WHAT THE TASK REQUIRES.
I need the lines from the one holding "Some of the words" to the last line of the data below repeated exactly, both included, without pictures.

STUDY MATERIAL.
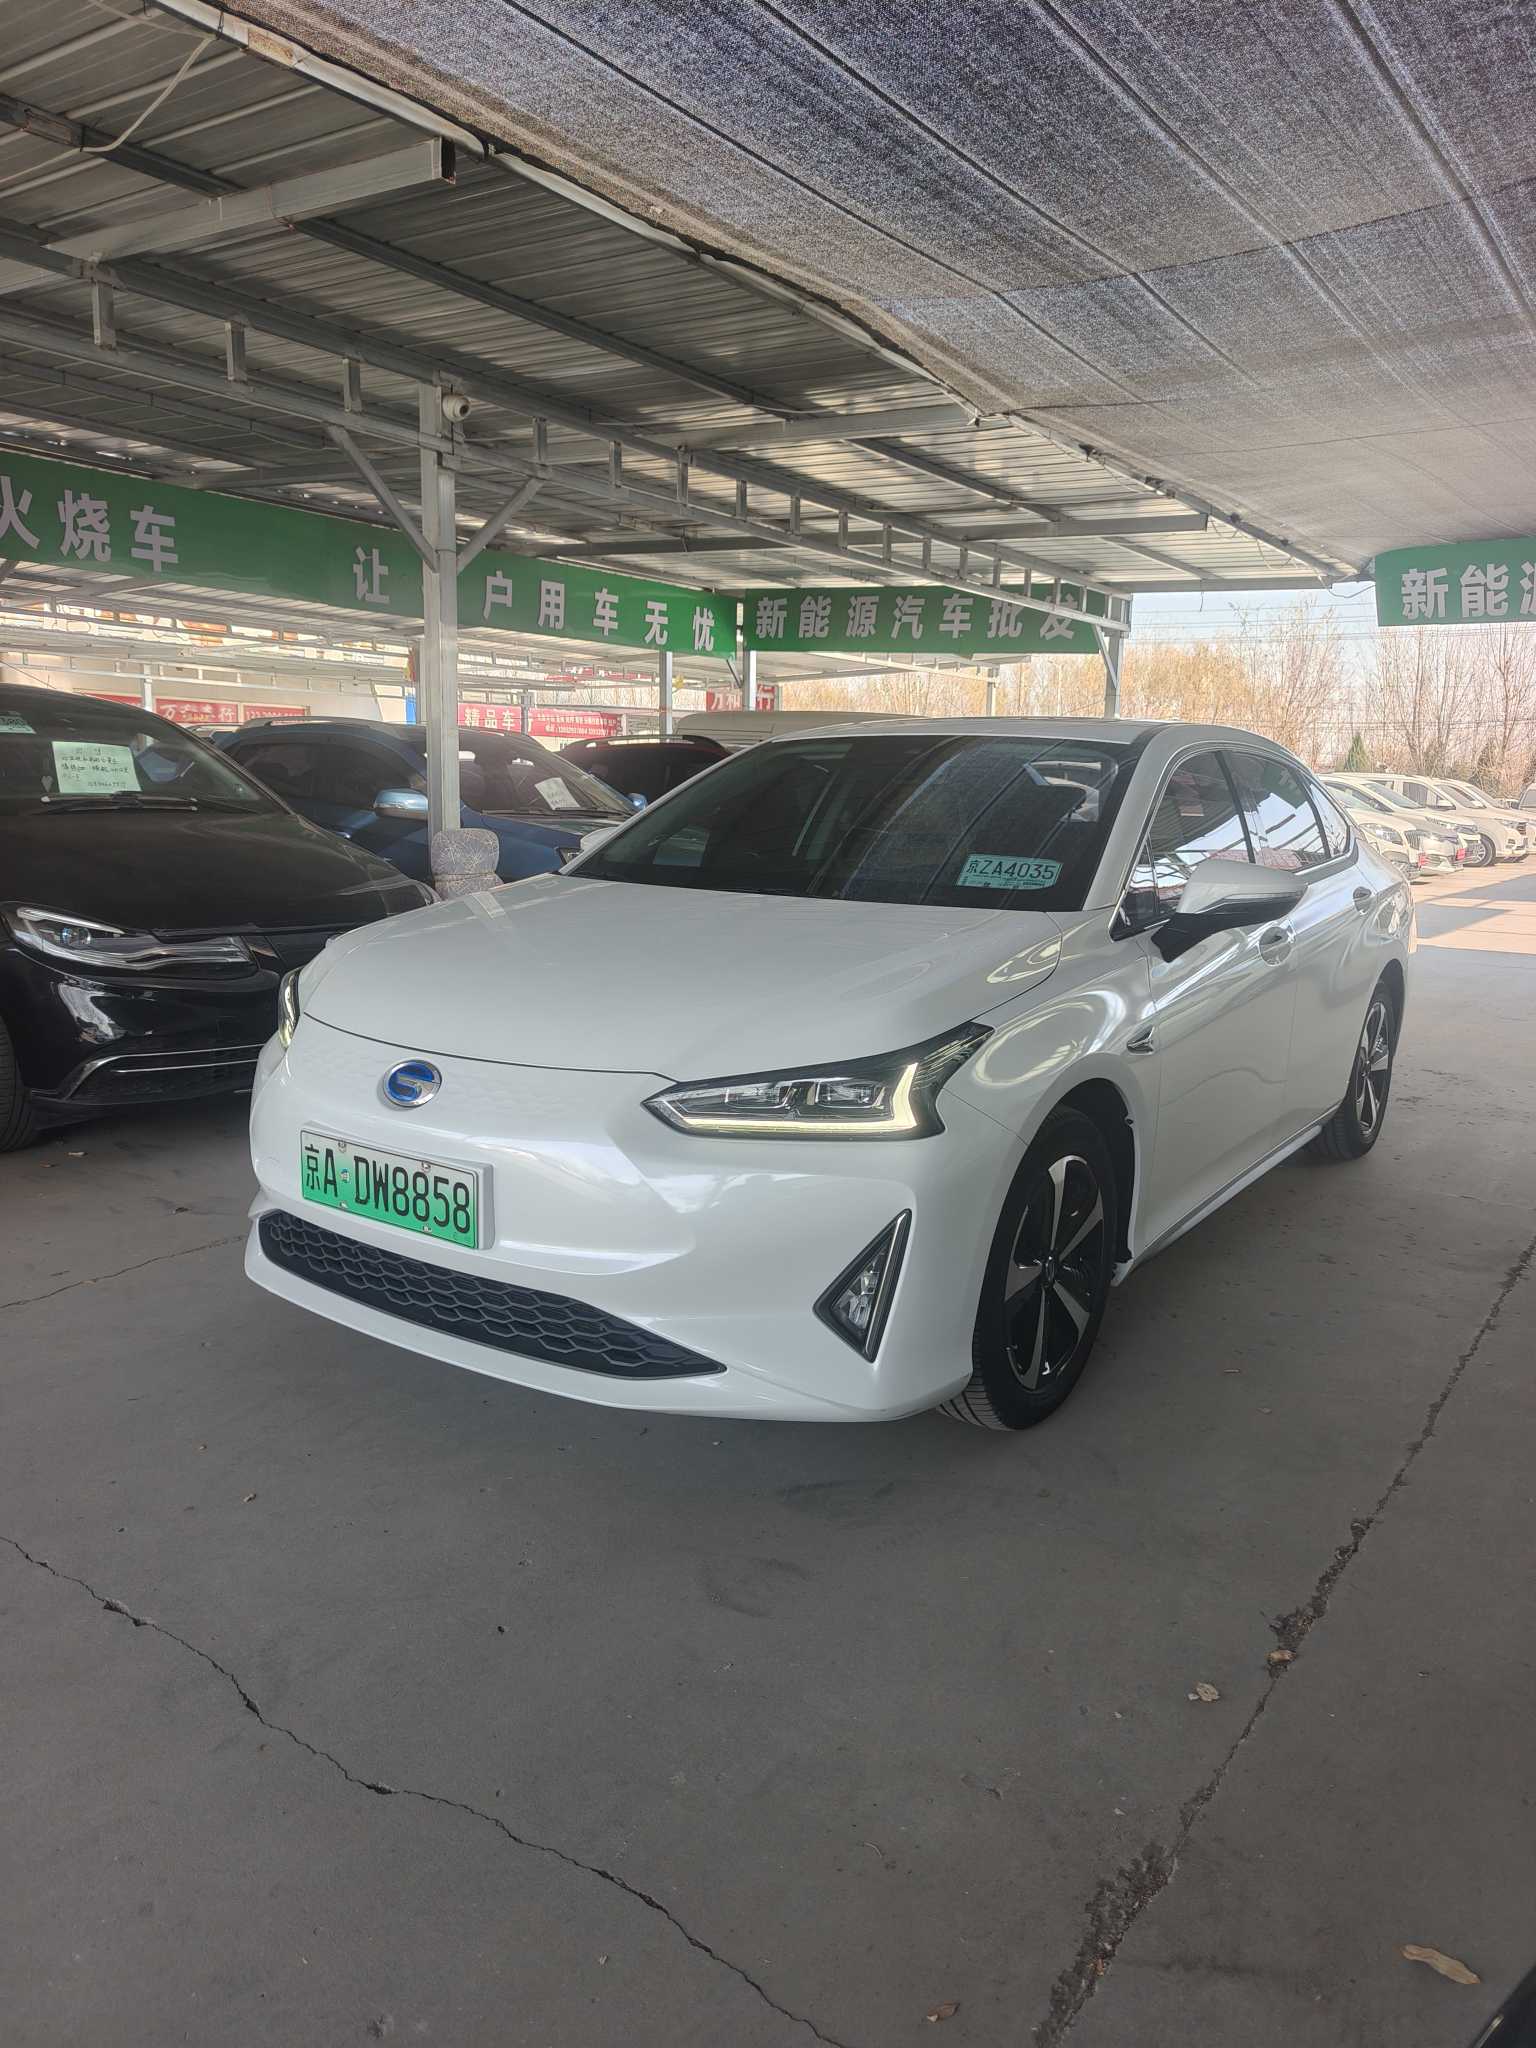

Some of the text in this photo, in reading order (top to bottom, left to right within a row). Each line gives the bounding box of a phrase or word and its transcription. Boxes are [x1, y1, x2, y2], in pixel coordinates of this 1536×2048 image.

[0, 476, 715, 652] 火烧车 让户用车无忧
[756, 592, 1077, 641] 新能源汽车批发
[966, 859, 1057, 880] 京ZA4035
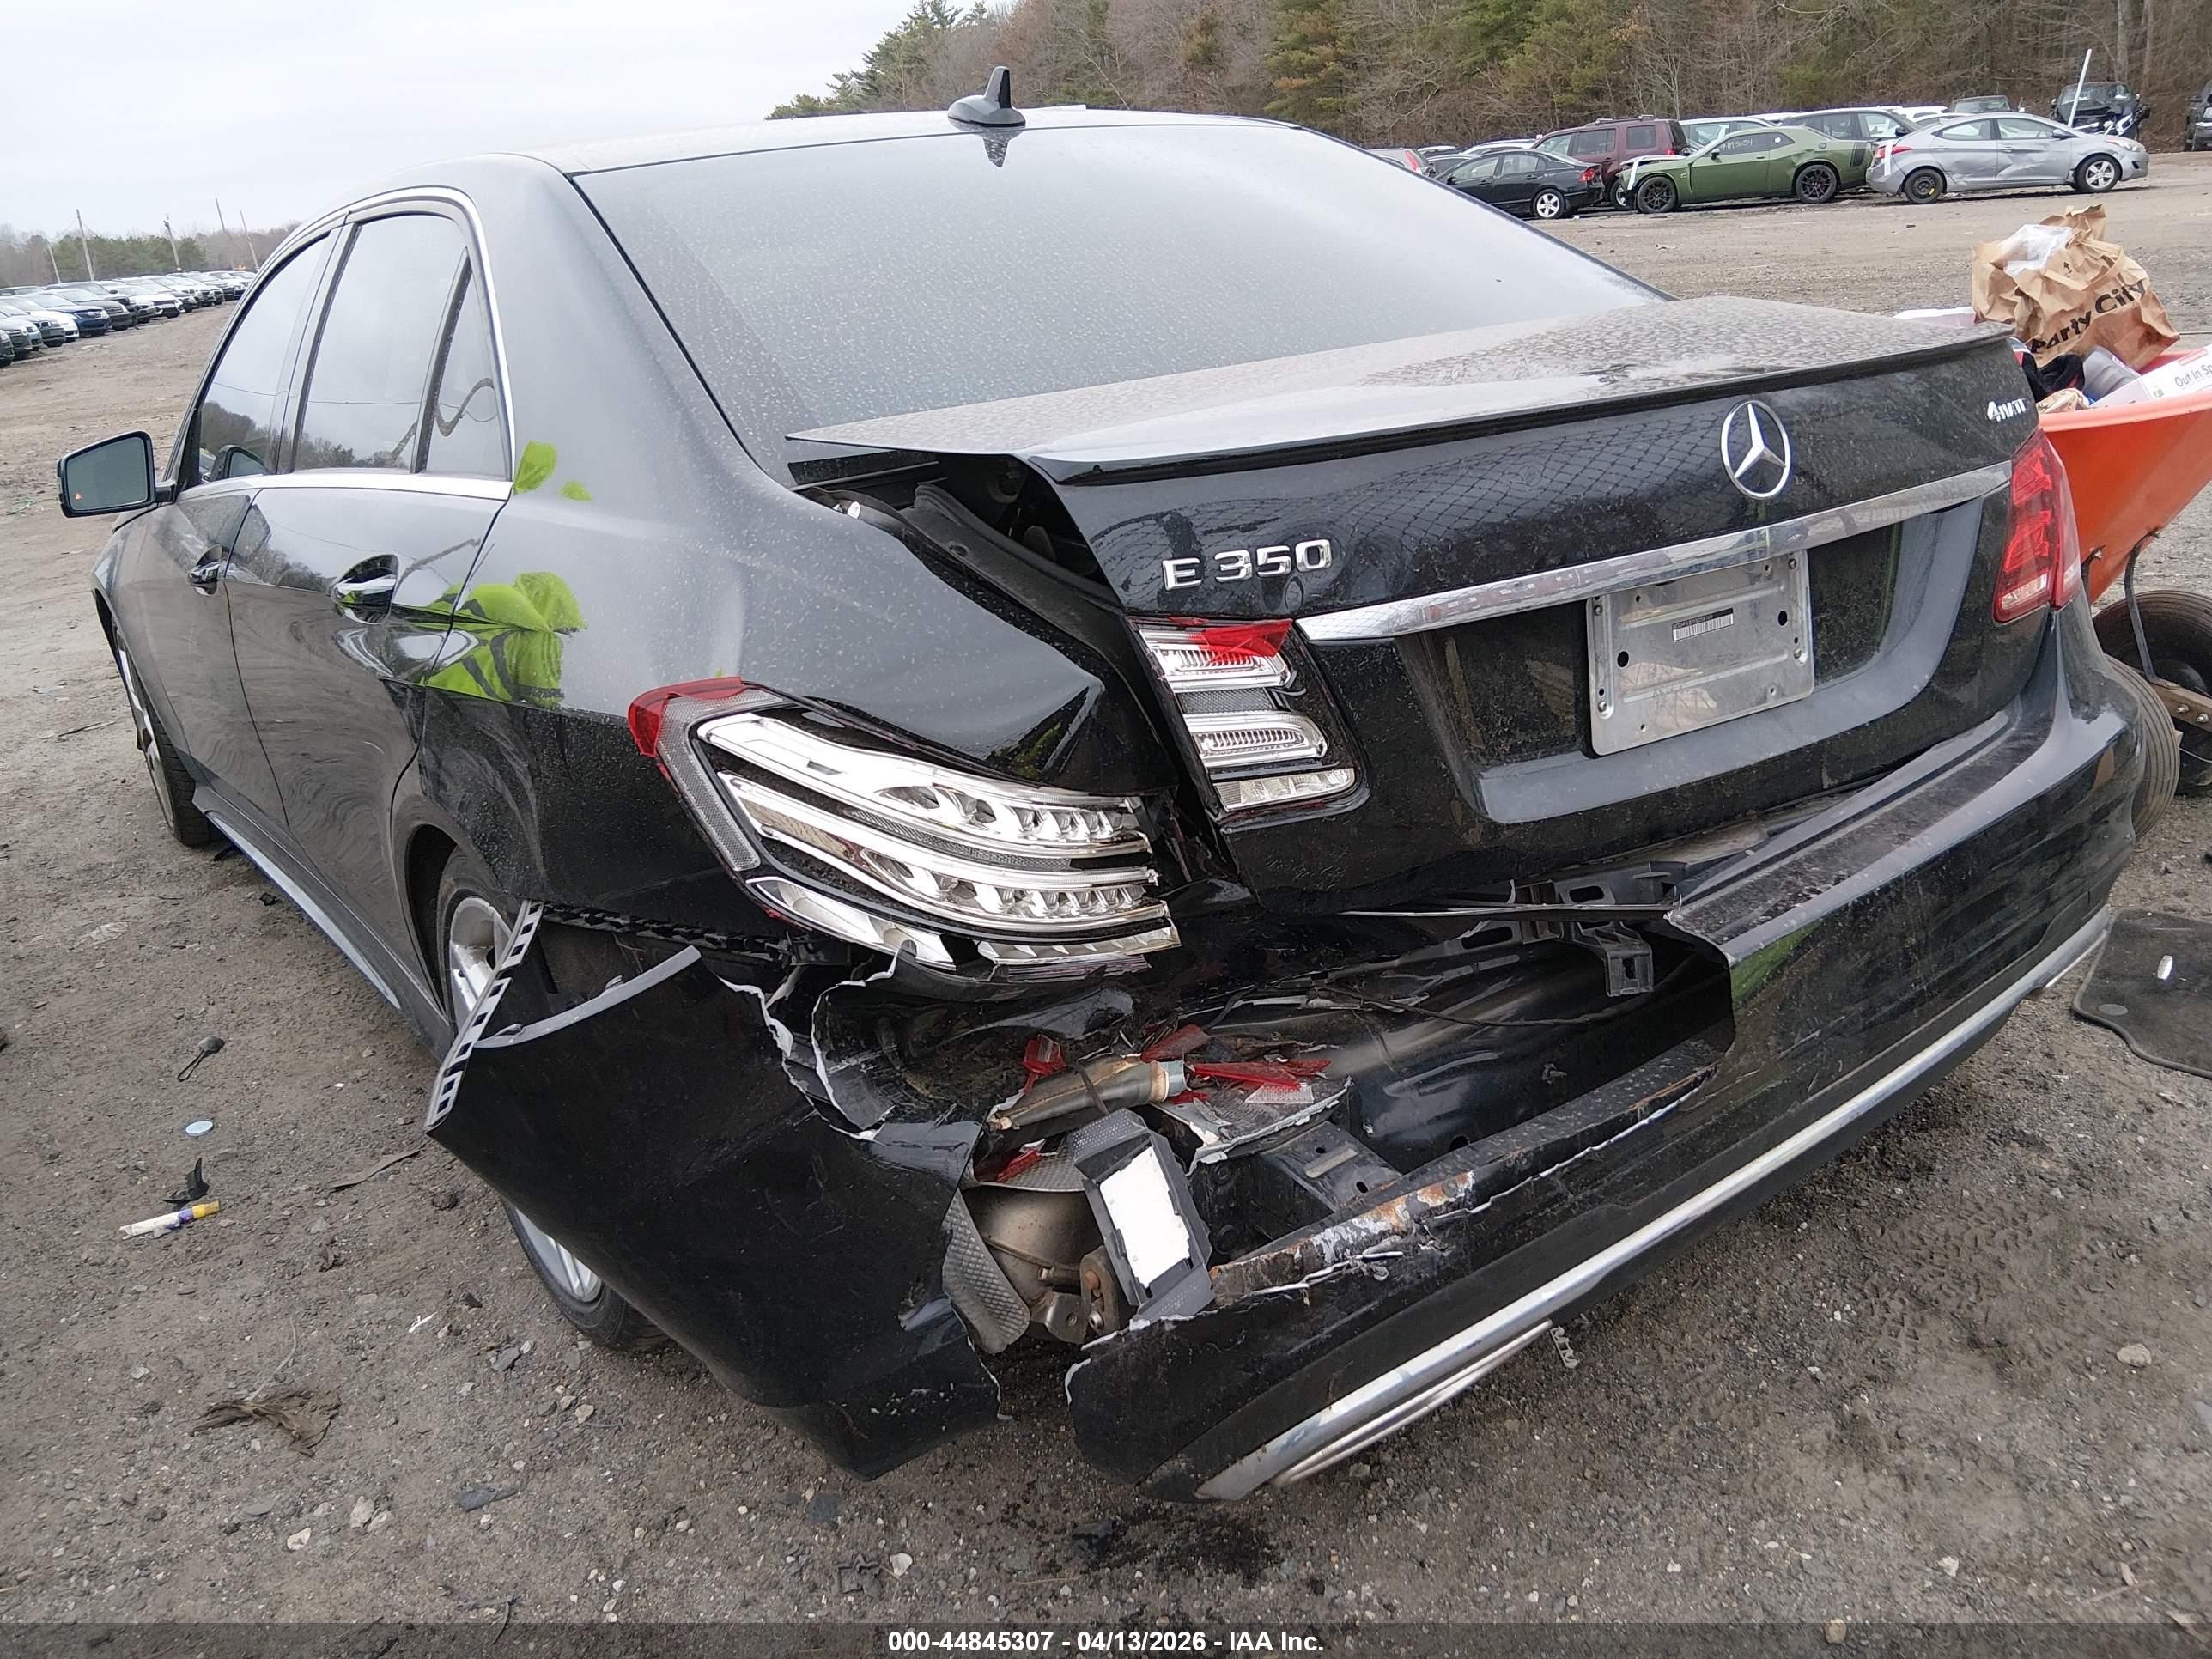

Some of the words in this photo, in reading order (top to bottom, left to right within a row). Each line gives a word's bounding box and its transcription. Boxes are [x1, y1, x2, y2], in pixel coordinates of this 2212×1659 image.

[2030, 310, 2092, 353] Party
[2094, 275, 2146, 314] City
[2174, 372, 2192, 387] Out
[1161, 557, 1203, 591] E
[1213, 538, 1333, 583] 350
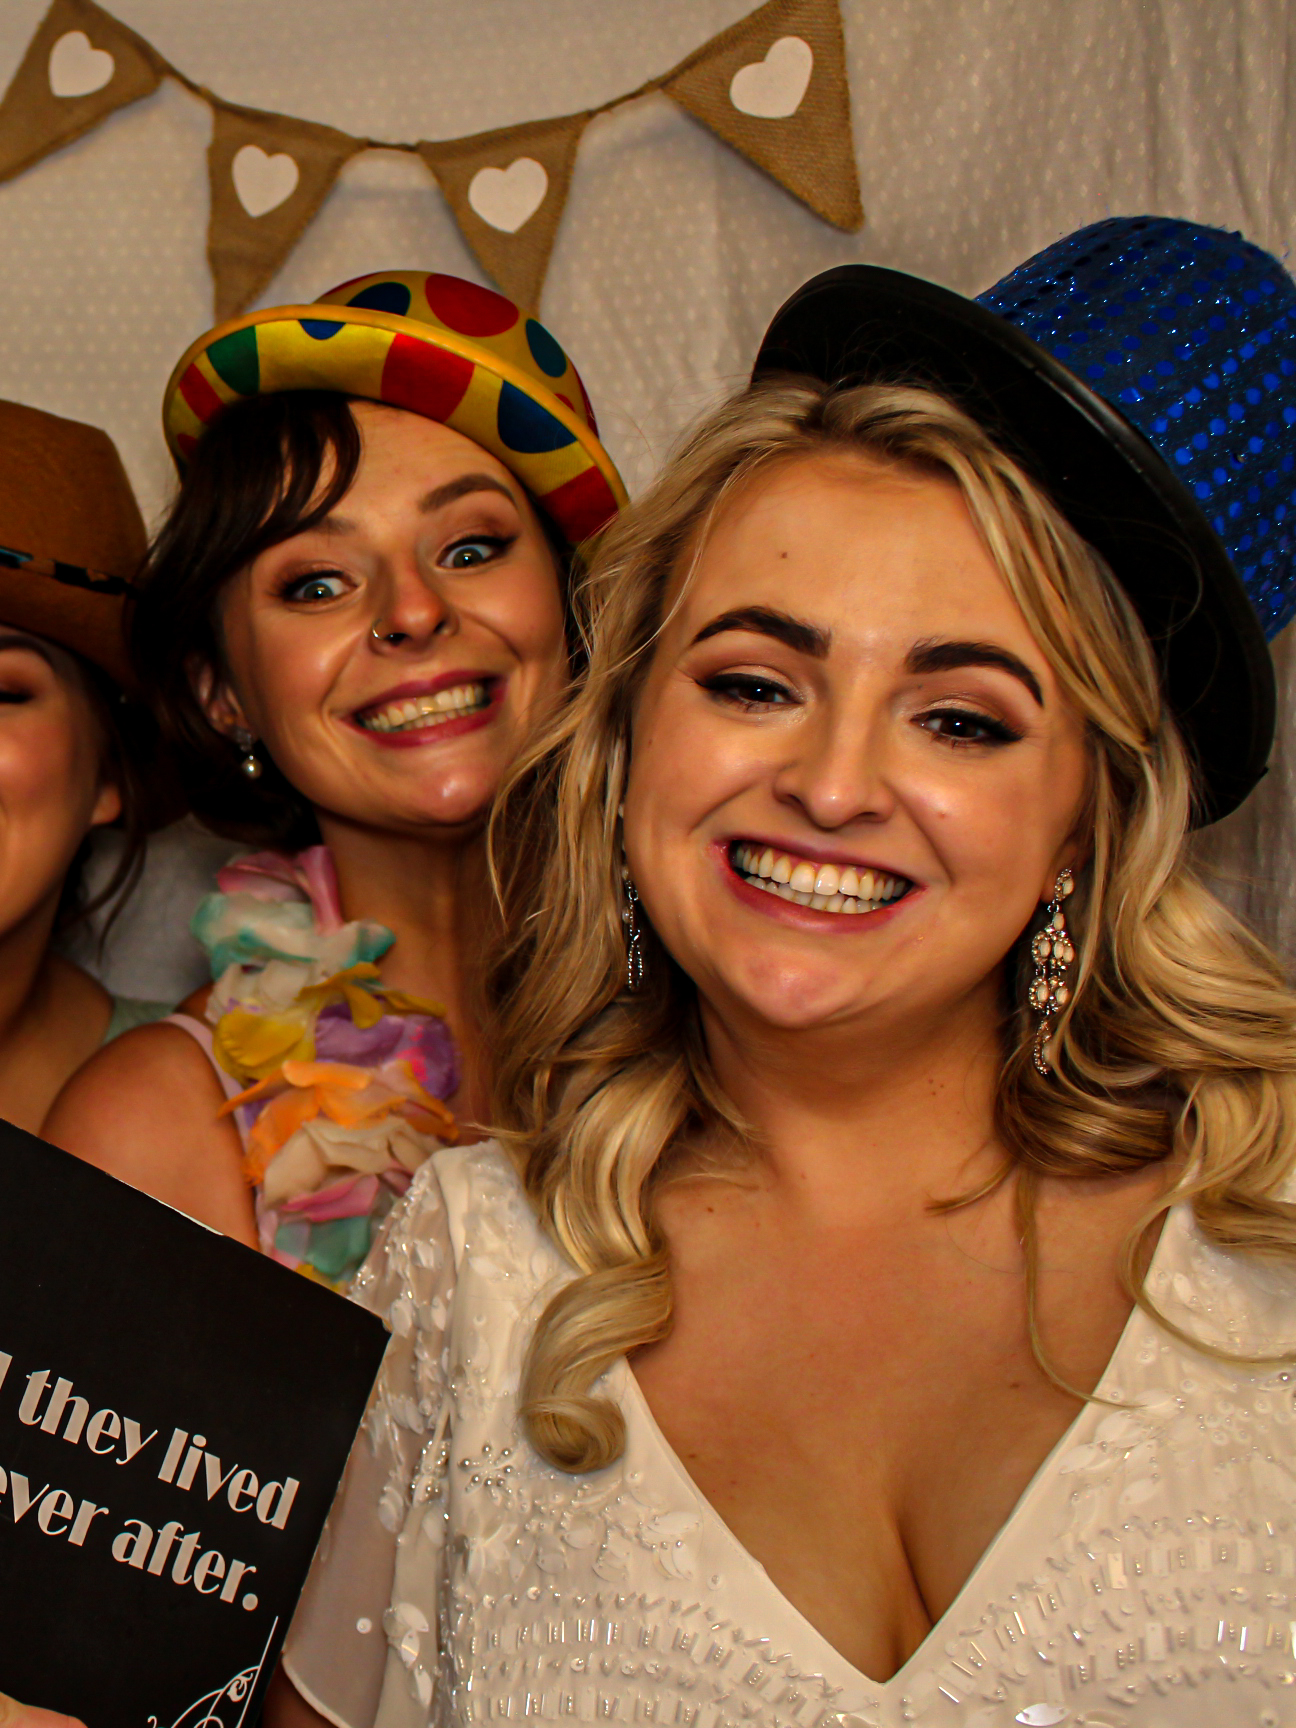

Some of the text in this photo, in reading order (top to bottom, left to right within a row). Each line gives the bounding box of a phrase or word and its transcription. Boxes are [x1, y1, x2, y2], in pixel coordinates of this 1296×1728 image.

[18, 1369, 158, 1465] they
[158, 1428, 300, 1530] lived
[111, 1519, 259, 1612] after.

EXERCISE OUTPUT.
Some of the words in this photo, in reading order (top to bottom, left to right within a row). Each line gives a word's bounding box and its transcription. Boxes are [x1, y1, x2, y2], in pixel coordinates of this 2212×1659 image.

[2030, 310, 2092, 353] Party
[2094, 275, 2146, 314] City
[2174, 372, 2192, 387] Out
[1161, 557, 1203, 591] E
[1213, 538, 1333, 583] 350

Some of the text in this photo, in reading order (top to bottom, left to right within a row). Each line gives the bounding box of a phrase or word and its transcription. Boxes are [x1, y1, x2, y2], in pixel coordinates of this 1296×1728 image.

[18, 1369, 158, 1465] they
[158, 1428, 300, 1530] lived
[111, 1519, 259, 1612] after.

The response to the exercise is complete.